Transcribe all the records exactly and omit any images they hold.
::::::::
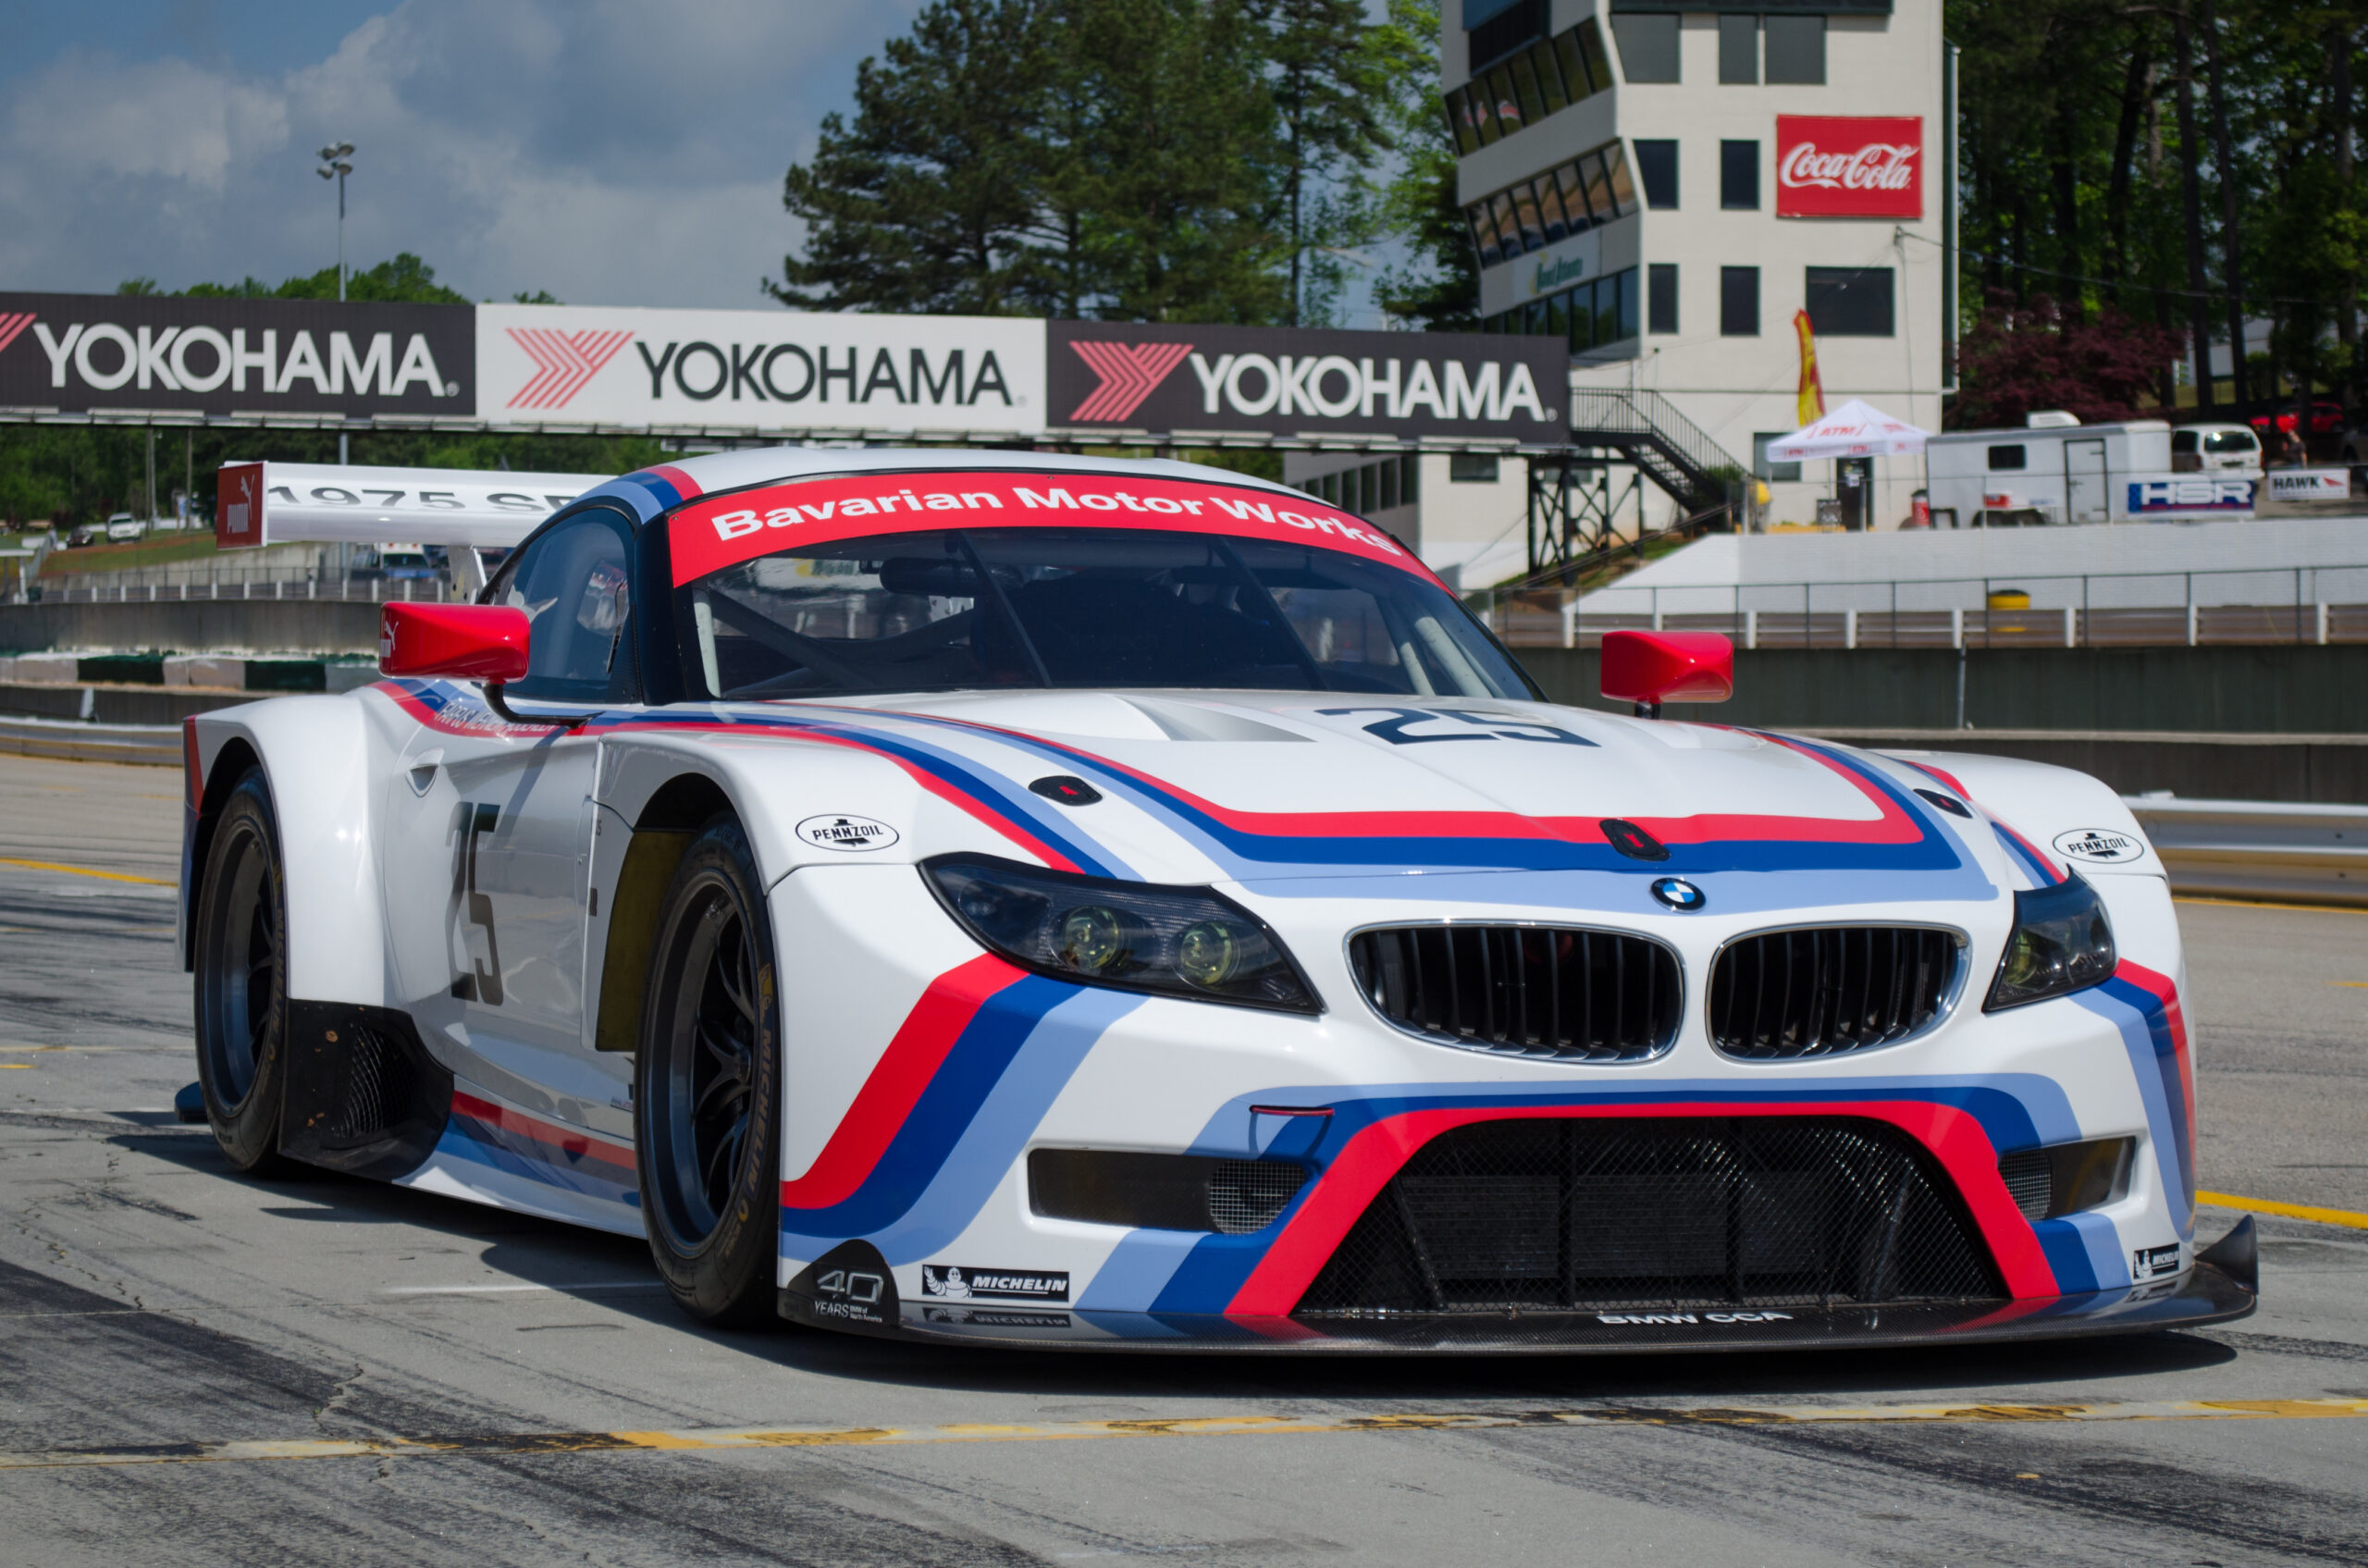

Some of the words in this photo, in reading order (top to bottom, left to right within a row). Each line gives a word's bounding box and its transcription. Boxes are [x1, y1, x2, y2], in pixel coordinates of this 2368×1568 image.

[1780, 142, 1920, 190] Coca-Cola
[32, 322, 446, 398] YOKOHAMA
[635, 340, 1014, 407] YOKOHAMA
[1188, 352, 1547, 422] YOKOHAMA
[268, 486, 467, 510] 1975
[2141, 480, 2251, 505] HSR
[2273, 476, 2321, 490] HAWK
[710, 488, 1005, 542] Bavarian
[1012, 487, 1203, 516] Motor
[1208, 496, 1403, 557] Works
[1314, 707, 1603, 747] 25
[811, 824, 884, 841] PENNZOIL
[2066, 836, 2130, 854] PENNZOIL
[445, 801, 504, 1007] 25
[747, 1030, 771, 1192] MICHELIN
[817, 1270, 884, 1304] 40
[972, 1276, 1067, 1291] MICHELIN
[814, 1301, 850, 1318] YEARS
[1597, 1314, 1699, 1325] BMW
[1705, 1312, 1794, 1323] CCA
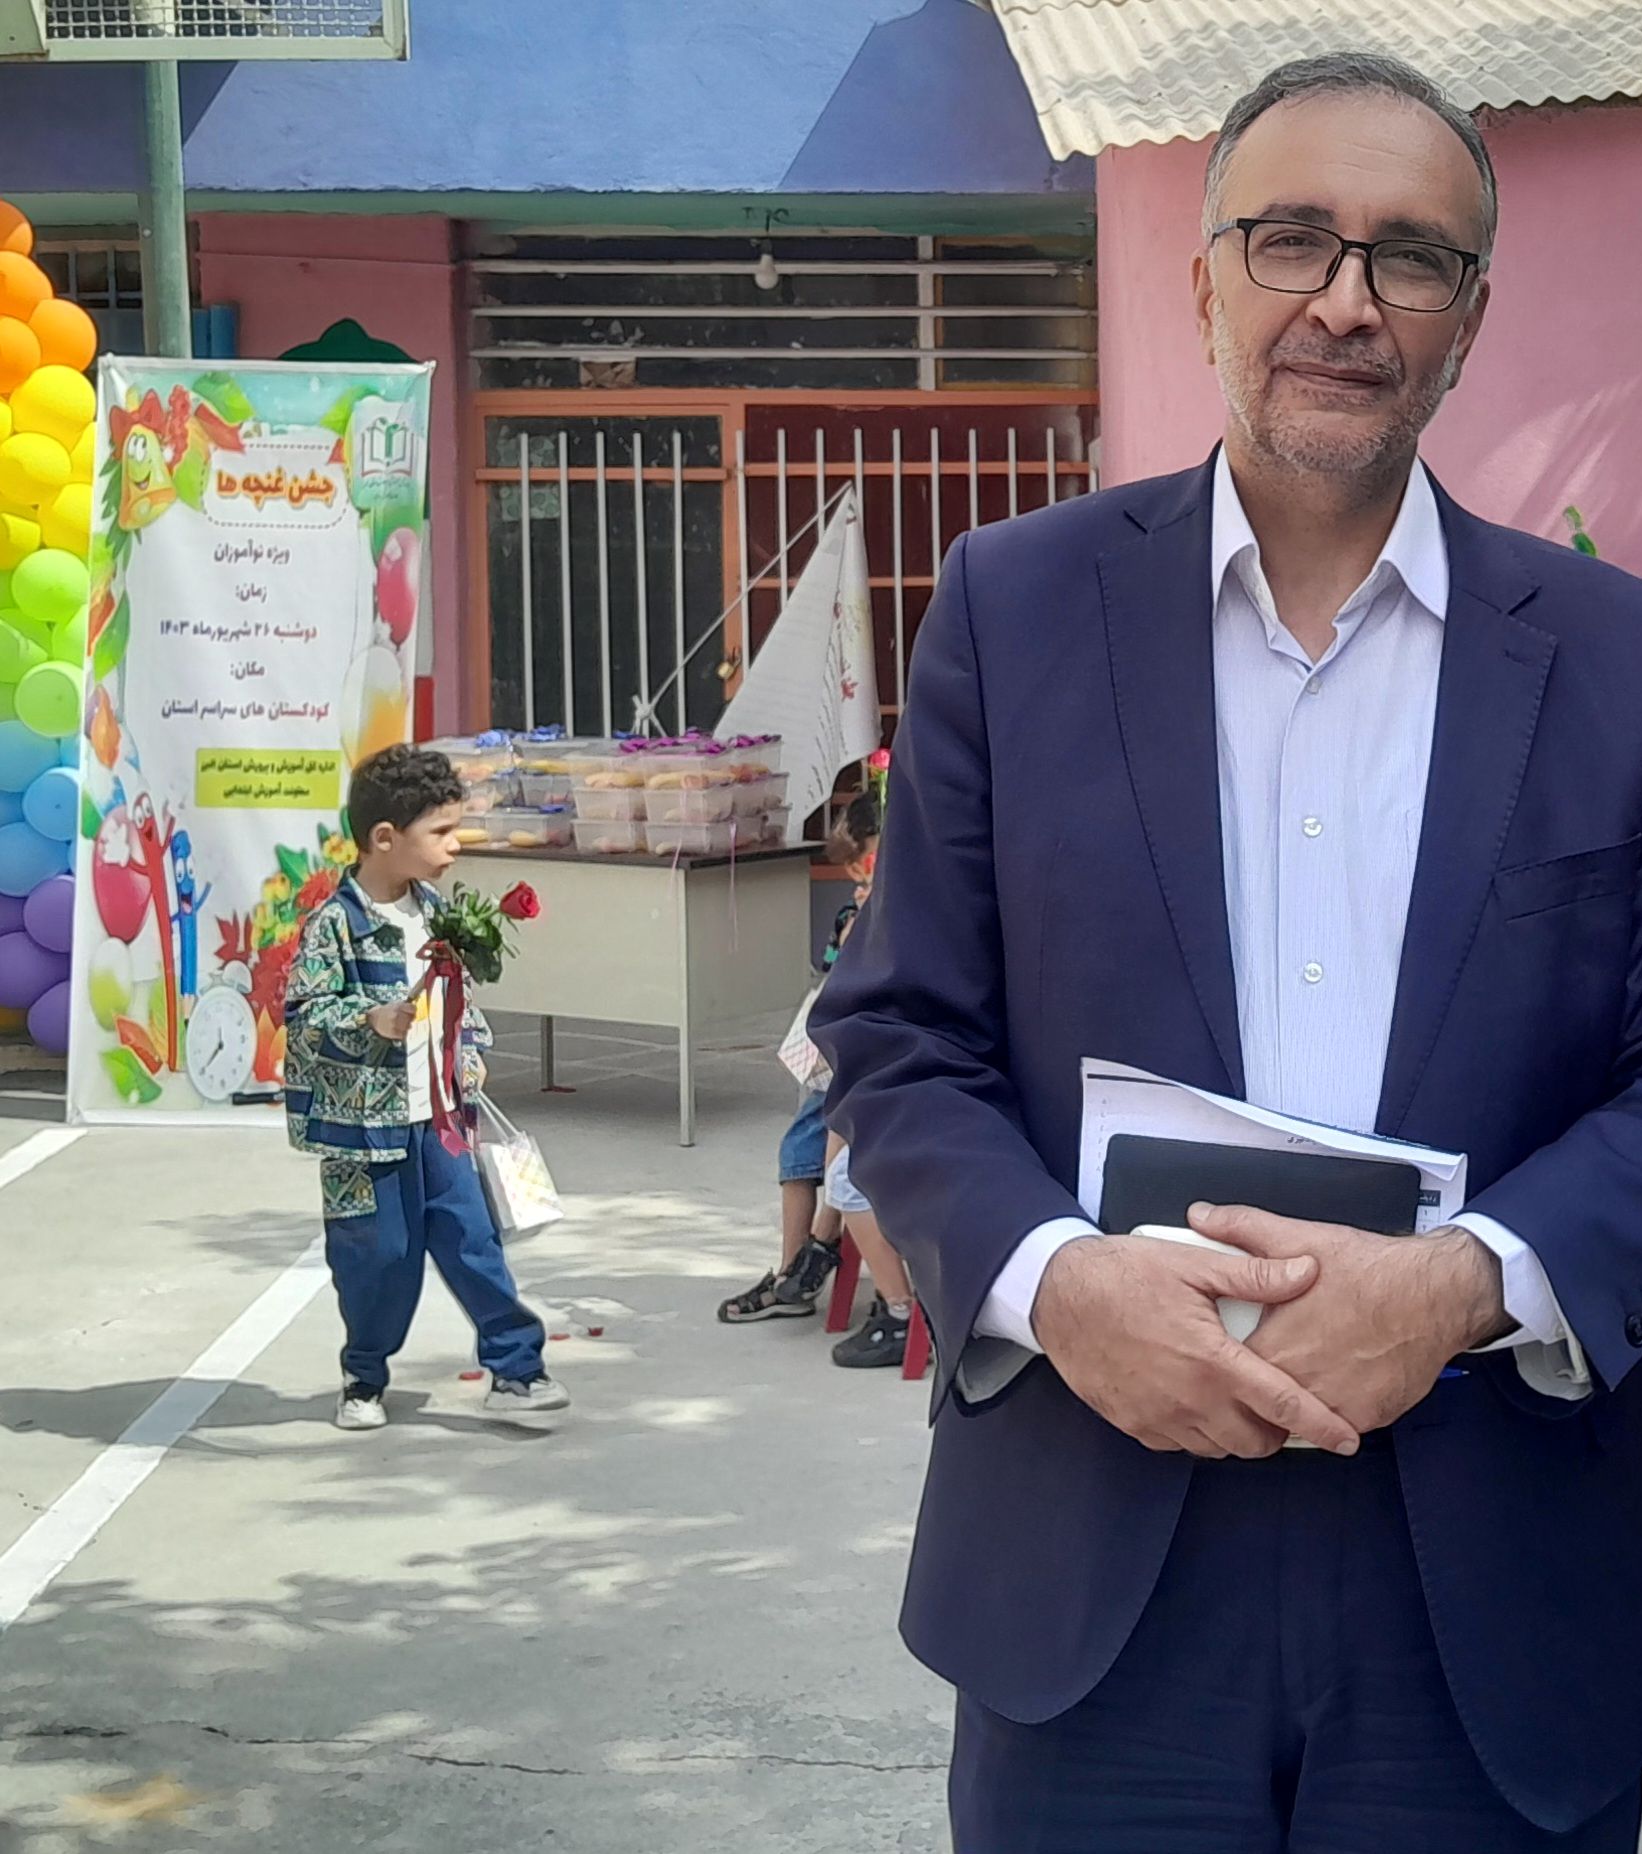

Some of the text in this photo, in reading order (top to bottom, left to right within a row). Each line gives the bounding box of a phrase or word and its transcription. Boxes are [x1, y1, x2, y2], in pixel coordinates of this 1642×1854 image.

[216, 466, 335, 511] جشن غنچه ها
[213, 538, 290, 565] ویژه نوآموزان
[235, 582, 267, 603] زمان:
[273, 621, 317, 644] دوشنبه
[229, 661, 265, 680] مکان:
[161, 699, 199, 719] استان
[200, 700, 238, 720] سراسر
[239, 701, 266, 720] های
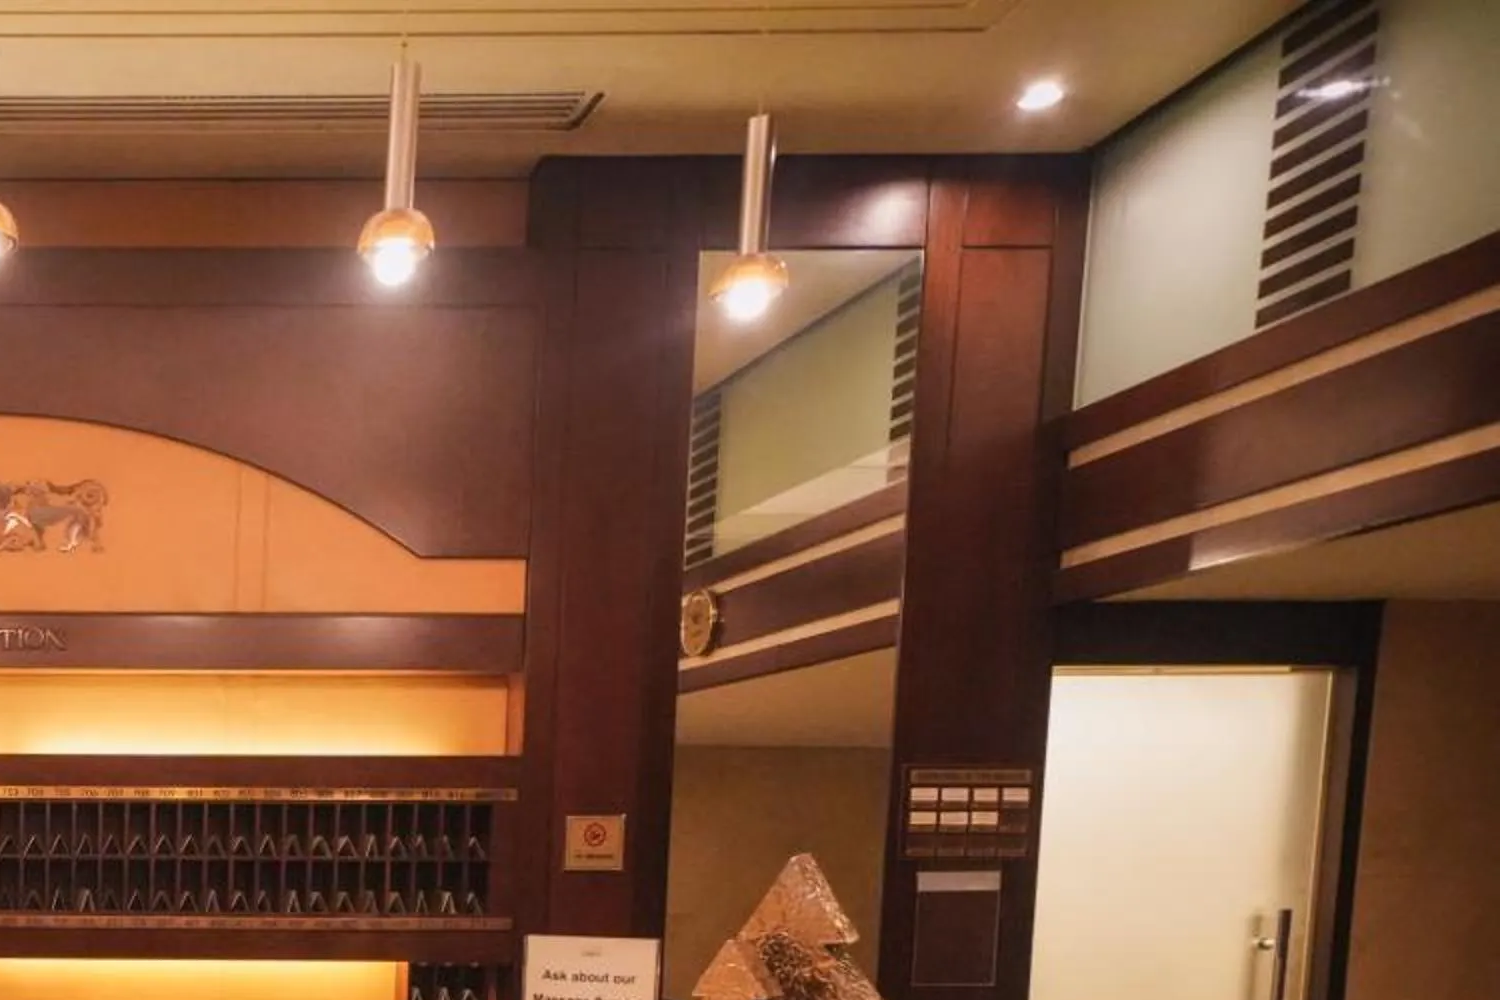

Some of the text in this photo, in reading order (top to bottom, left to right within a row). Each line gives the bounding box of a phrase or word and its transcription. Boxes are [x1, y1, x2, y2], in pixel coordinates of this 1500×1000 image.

[541, 970, 636, 984] Ask about our
::::::::
▸ Solution for this task
Some of the words in this photo, in reading order (top to bottom, left to right within a row). Each line gives a word's bounding box and its transcription. Boxes are [x1, y1, x2, y2], in pixel coordinates of this 2368×1568 image.

[1780, 142, 1920, 190] Coca-Cola
[32, 322, 446, 398] YOKOHAMA
[635, 340, 1014, 407] YOKOHAMA
[1188, 352, 1547, 422] YOKOHAMA
[268, 486, 467, 510] 1975
[2141, 480, 2251, 505] HSR
[2273, 476, 2321, 490] HAWK
[710, 488, 1005, 542] Bavarian
[1012, 487, 1203, 516] Motor
[1208, 496, 1403, 557] Works
[1314, 707, 1603, 747] 25
[811, 824, 884, 841] PENNZOIL
[2066, 836, 2130, 854] PENNZOIL
[445, 801, 504, 1007] 25
[747, 1030, 771, 1192] MICHELIN
[817, 1270, 884, 1304] 40
[972, 1276, 1067, 1291] MICHELIN
[814, 1301, 850, 1318] YEARS
[1597, 1314, 1699, 1325] BMW
[1705, 1312, 1794, 1323] CCA

Some of the text in this photo, in reading order (top to bottom, left to right within a row). Each line gives the bounding box of a phrase or word and its transcription. Boxes are [x1, y1, x2, y2], in pixel coordinates of this 1642×1854 image.

[216, 466, 335, 511] جشن غنچه ها
[213, 538, 290, 565] ویژه نوآموزان
[235, 582, 267, 603] زمان:
[273, 621, 317, 644] دوشنبه
[229, 661, 265, 680] مکان:
[161, 699, 199, 719] استان
[200, 700, 238, 720] سراسر
[239, 701, 266, 720] های

Some of the text in this photo, in reading order (top to bottom, left to right within a row). Each line gives the bounding box of a phrase or word and its transcription. Boxes are [x1, y1, x2, y2], in pixel coordinates of this 1500×1000 image.

[541, 970, 636, 984] Ask about our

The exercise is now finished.